The Data Scientist has experience in machine learning/deep learning techniques applied to structured and unstructured data (i.e. textual data).
The candidate will research and develop new statistical and machine-learning methods for the analysis of medical reports, applying Natural Language Processing (NLP) techniques to real-world healthcare data.
The candidate will contribute to developing new technologies for data synthesis and digital twins using a wide variety of machine learning and deep learning methods; investigating various research topics in machine learning and statistics to determine the best method for medical data synthesis and effective approach for generated data validation.

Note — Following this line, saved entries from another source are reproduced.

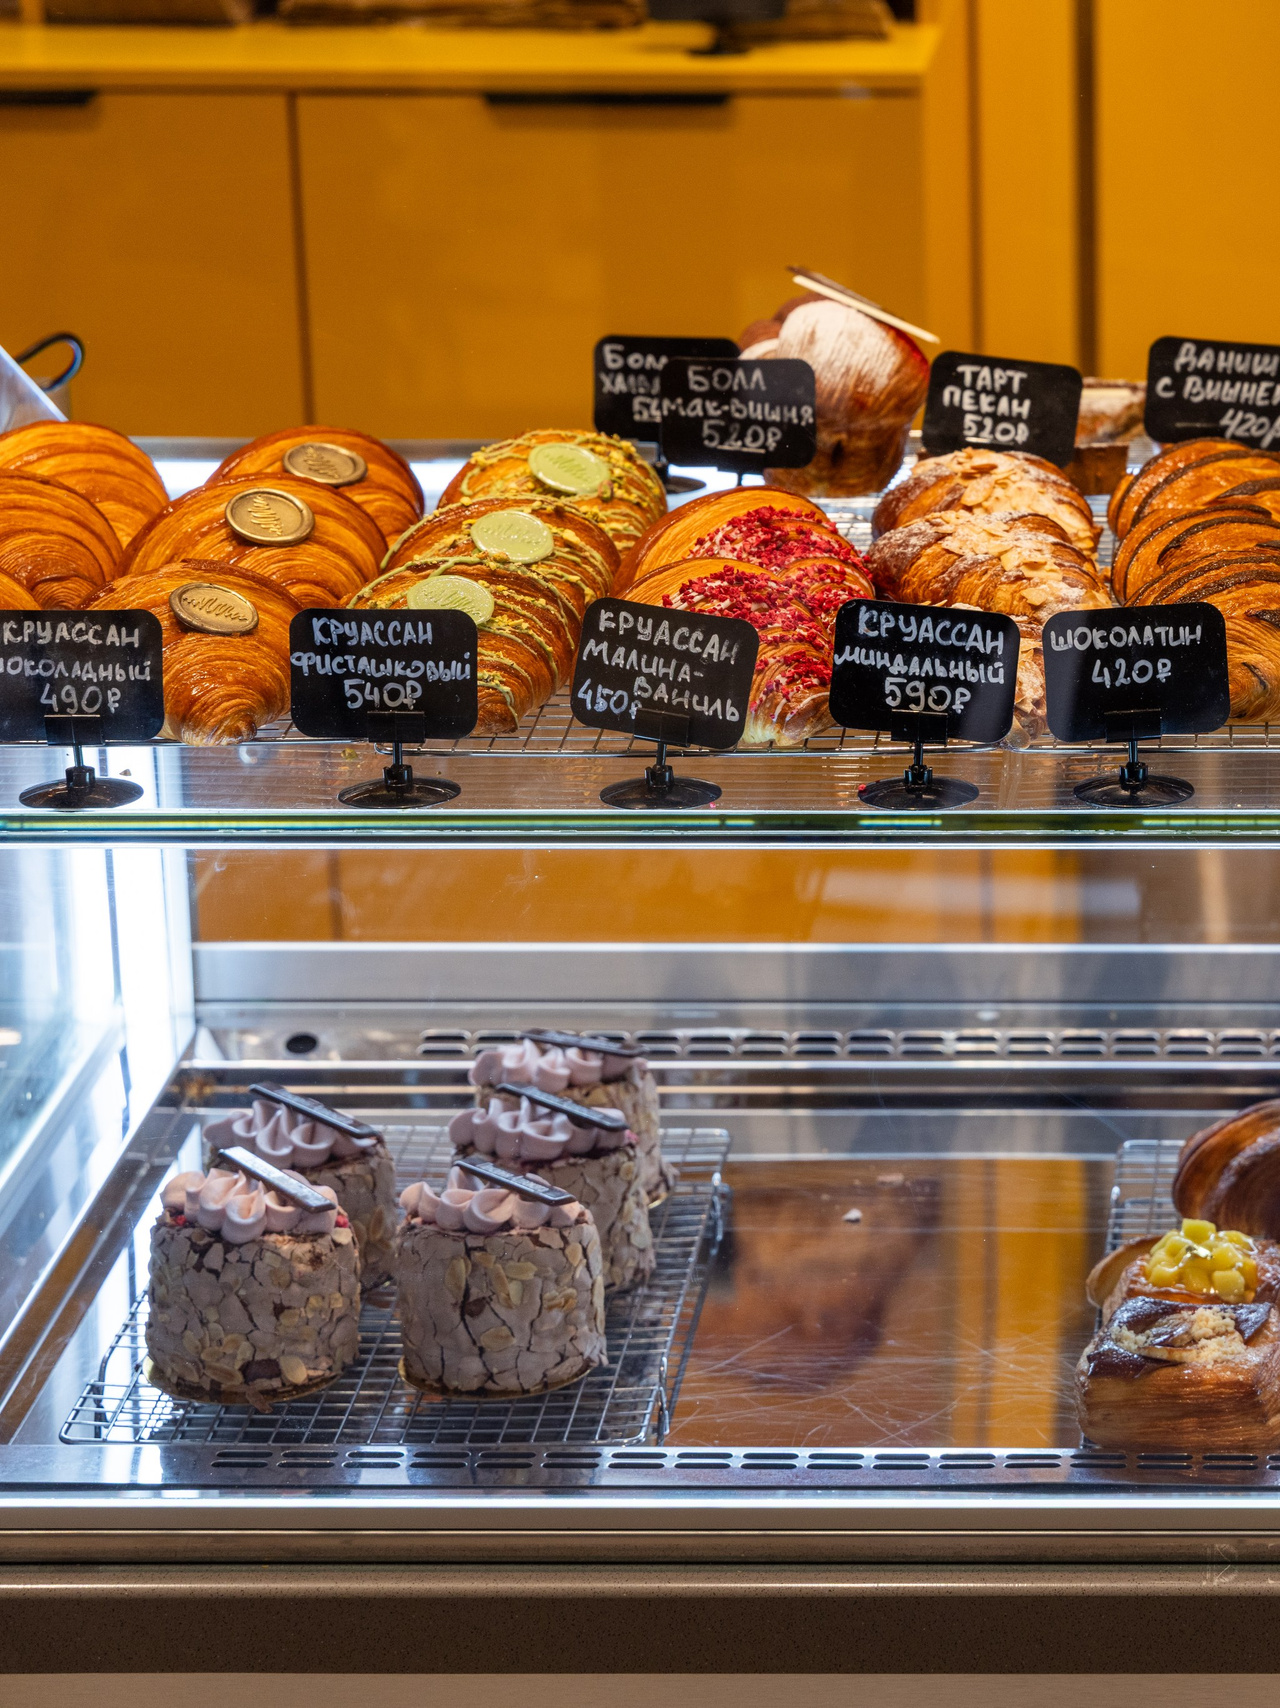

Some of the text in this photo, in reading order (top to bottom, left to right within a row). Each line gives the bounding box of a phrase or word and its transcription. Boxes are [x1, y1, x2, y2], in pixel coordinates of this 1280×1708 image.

[1174, 342, 1280, 377] ДАНИШ
[956, 364, 1028, 394] ТАРТ
[942, 385, 1031, 420] ПЕКАН
[3, 620, 140, 648] КРУАССАН
[312, 617, 433, 647] КРУАССАН
[599, 609, 740, 664] КРУАССАН
[858, 605, 1004, 655] КРУАССАН
[1050, 624, 1202, 651] ШОКОЛАТИН
[0, 656, 151, 682] ОКОЛАДНЫЙ
[290, 652, 471, 682] ФИСТАШКОВЫЙ
[633, 676, 740, 722] ВАНИЛЬ

The AI Center of Humanitas is focused in research in the field of Artificial Intelligence applied in healthcare. Research and development areas include predictive and decision-support systems based on data-driven model (ML/DL models) to optimize clinical processes and ultimately improve the quality of patient care. We are a team of multidisciplinary scientists who work day by day on e-health and AI projects, by collaborating with clinical staff (doctors, nurses, researchers) and management staff.
Responsibilities and Main activities
- Collaborate in research and development of innovative generative data models for effective synthetic data generation and digital twins in healthcare;
- Development of statistical, machine learning and deep learning models on medical data, including time-series/longitudinal data;
- Explore, define and support the clinical validation of the statistical and machine learning models applied to real-world data;
- Exploratory data analysis and integration of highly fragmented data;
- Explore the possibility and application of Large Language Models (LLM) in healthcare;
- Visualize data, report effective results and derive useful knowledge using a data-driven approach;
- Collaborate with international partners in both private industry and academia;
Skills and Qualifications
- Experience with textual data and NLP techniques and models (named entity recognition, document clustering, summarization, text classification, MLM, LLM, etc);
- Experience in developing machine learning and deep learning techniques and algorithms (such as k-NN, Naive Bayes, Support Vector Machines, Random Forests, etc) in healthcare, also applied to time-series/longitudinal data;
- Good knowledge of generative AI and LLM;
- Experience in developing generative models (e.g. statistical, GAN, VAE, etc.) applied to medical data for synthetic data generation and digital twins;
- Good knowledge of Computer Vision and/or NLP is appreciated;
- Understanding of data structures, data modeling and software architecture;
- Experience in applied statistics skills, such as distributions, statistical testing, regression, etc;
- Good scripting and programming skills;
- Good proficiency in Python, R programming languages;
- Experience with data science frameworks (e.g. tensorflow, pytorch, scikit learn, scipy, pandas, numpy) and visualization frameworks (e.g. plotly, seaborn, matplotlib);
- Experience with cloud (GCP, AWS, Azure) and/or distributed computing is appreciated;
- Knowledge of database systems and data lakes, good knowledge of SQL is appreciated;
- Knowledge of MLOps practices, IT infrastructures, back end frontend development is appreciated;
- Master (PhD would be a plus) in a STEM discipline;
- Fluent in written and spoken English and Italian;
Soft Skills
- Excellent team-working capabilities even with colleagues from different research areas and backgrounds;
- Strong self-motivation, commitment and proactive approach;
- Ability to meet deadlines and work autonomously in rapidly changing environments;
- Curiosity and ability of stepping outside your comfort zone.
Why you should consider this opportunity
Humanitas Research Hospital is investing in data driven research and development of clinical support tools based on AI, you will contribute to the design and application of breakthrough technologies to be deployed in advanced clinical institutions.
You will get access to an extraordinary group of talented and passionate people coming from fields ranging from clinical sciences and healthcare management to informatics, bioinformatics and systems biology, including our extended international research network.
All candidate data collected from the application shall be processed in accordance with applicable law: Dlgs 198/2006 e dei Dlgs 215/2003 e 216/2003; privacy ex artt. 13 e 14 del Reg. UE 2016/679.